— WHAT NEEDS TO BE DONE —
The required output is the line containing "this 1820×1240 image." followed by every later line through the end of the data, all reproduced exactly.

-- Opening Marker --

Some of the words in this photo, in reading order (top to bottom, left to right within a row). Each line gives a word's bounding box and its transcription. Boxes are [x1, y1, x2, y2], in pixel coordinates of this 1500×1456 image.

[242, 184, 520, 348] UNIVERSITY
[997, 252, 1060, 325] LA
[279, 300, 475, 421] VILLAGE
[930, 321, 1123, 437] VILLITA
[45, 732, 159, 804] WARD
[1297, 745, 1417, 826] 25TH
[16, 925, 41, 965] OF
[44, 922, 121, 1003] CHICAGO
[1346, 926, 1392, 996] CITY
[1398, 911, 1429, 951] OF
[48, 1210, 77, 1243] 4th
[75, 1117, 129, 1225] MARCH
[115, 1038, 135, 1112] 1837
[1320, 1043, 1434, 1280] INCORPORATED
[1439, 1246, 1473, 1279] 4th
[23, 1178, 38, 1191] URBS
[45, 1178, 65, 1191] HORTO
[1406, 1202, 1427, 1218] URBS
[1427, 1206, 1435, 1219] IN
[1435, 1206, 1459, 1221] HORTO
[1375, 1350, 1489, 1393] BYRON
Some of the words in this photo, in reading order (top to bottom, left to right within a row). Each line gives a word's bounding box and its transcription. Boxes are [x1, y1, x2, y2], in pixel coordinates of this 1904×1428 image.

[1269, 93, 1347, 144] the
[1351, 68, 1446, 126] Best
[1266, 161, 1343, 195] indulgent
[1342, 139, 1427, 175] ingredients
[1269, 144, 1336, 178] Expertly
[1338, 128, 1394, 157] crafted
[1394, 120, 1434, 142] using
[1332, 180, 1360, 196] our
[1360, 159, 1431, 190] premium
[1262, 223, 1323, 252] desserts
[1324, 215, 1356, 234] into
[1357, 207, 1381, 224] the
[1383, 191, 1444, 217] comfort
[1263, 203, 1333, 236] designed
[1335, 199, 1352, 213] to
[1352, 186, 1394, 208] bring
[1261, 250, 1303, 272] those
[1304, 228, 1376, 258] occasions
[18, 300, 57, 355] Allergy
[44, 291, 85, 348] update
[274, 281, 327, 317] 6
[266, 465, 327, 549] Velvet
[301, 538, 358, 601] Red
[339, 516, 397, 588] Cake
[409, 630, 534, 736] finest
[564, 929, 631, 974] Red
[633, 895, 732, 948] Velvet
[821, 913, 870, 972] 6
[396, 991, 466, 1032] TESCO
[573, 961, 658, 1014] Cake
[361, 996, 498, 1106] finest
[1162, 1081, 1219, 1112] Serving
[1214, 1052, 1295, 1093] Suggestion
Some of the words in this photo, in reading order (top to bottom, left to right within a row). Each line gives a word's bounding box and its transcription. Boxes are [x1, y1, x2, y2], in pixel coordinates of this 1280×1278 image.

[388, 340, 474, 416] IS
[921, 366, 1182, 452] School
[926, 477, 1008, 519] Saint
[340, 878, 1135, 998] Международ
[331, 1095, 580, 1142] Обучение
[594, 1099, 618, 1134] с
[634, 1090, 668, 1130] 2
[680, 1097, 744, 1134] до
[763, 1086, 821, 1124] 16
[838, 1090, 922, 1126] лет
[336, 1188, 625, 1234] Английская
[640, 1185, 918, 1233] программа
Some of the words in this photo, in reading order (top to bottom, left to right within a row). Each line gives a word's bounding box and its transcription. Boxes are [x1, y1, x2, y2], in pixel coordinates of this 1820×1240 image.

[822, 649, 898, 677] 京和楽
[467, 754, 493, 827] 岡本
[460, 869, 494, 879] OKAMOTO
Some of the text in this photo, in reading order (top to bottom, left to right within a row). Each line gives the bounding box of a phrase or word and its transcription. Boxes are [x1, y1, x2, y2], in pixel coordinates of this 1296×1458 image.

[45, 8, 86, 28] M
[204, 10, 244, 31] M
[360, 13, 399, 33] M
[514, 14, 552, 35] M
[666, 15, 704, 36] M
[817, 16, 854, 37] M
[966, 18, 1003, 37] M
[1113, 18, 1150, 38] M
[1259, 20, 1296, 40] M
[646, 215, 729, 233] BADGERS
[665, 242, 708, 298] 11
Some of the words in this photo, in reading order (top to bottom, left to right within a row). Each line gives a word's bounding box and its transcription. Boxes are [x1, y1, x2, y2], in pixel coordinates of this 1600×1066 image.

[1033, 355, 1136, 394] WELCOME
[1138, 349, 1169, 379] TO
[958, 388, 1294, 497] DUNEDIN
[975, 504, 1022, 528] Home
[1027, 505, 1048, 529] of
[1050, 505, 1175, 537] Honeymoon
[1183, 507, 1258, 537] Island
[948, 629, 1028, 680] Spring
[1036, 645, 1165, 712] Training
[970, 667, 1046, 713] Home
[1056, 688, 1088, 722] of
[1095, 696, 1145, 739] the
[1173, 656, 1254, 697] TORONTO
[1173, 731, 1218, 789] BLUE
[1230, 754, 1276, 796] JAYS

-- Closing Marker --

— EXERCISE SOLUTION —
Some of the words in this photo, in reading order (top to bottom, left to right within a row). Each line gives a word's bounding box and its transcription. Boxes are [x1, y1, x2, y2], in pixel coordinates of this 1820×1240 image.

[822, 649, 898, 677] 京和楽
[467, 754, 493, 827] 岡本
[460, 869, 494, 879] OKAMOTO
Some of the text in this photo, in reading order (top to bottom, left to right within a row). Each line gives the bounding box of a phrase or word and its transcription. Boxes are [x1, y1, x2, y2], in pixel coordinates of this 1296×1458 image.

[45, 8, 86, 28] M
[204, 10, 244, 31] M
[360, 13, 399, 33] M
[514, 14, 552, 35] M
[666, 15, 704, 36] M
[817, 16, 854, 37] M
[966, 18, 1003, 37] M
[1113, 18, 1150, 38] M
[1259, 20, 1296, 40] M
[646, 215, 729, 233] BADGERS
[665, 242, 708, 298] 11
Some of the words in this photo, in reading order (top to bottom, left to right within a row). Each line gives a word's bounding box and its transcription. Boxes are [x1, y1, x2, y2], in pixel coordinates of this 1600×1066 image.

[1033, 355, 1136, 394] WELCOME
[1138, 349, 1169, 379] TO
[958, 388, 1294, 497] DUNEDIN
[975, 504, 1022, 528] Home
[1027, 505, 1048, 529] of
[1050, 505, 1175, 537] Honeymoon
[1183, 507, 1258, 537] Island
[948, 629, 1028, 680] Spring
[1036, 645, 1165, 712] Training
[970, 667, 1046, 713] Home
[1056, 688, 1088, 722] of
[1095, 696, 1145, 739] the
[1173, 656, 1254, 697] TORONTO
[1173, 731, 1218, 789] BLUE
[1230, 754, 1276, 796] JAYS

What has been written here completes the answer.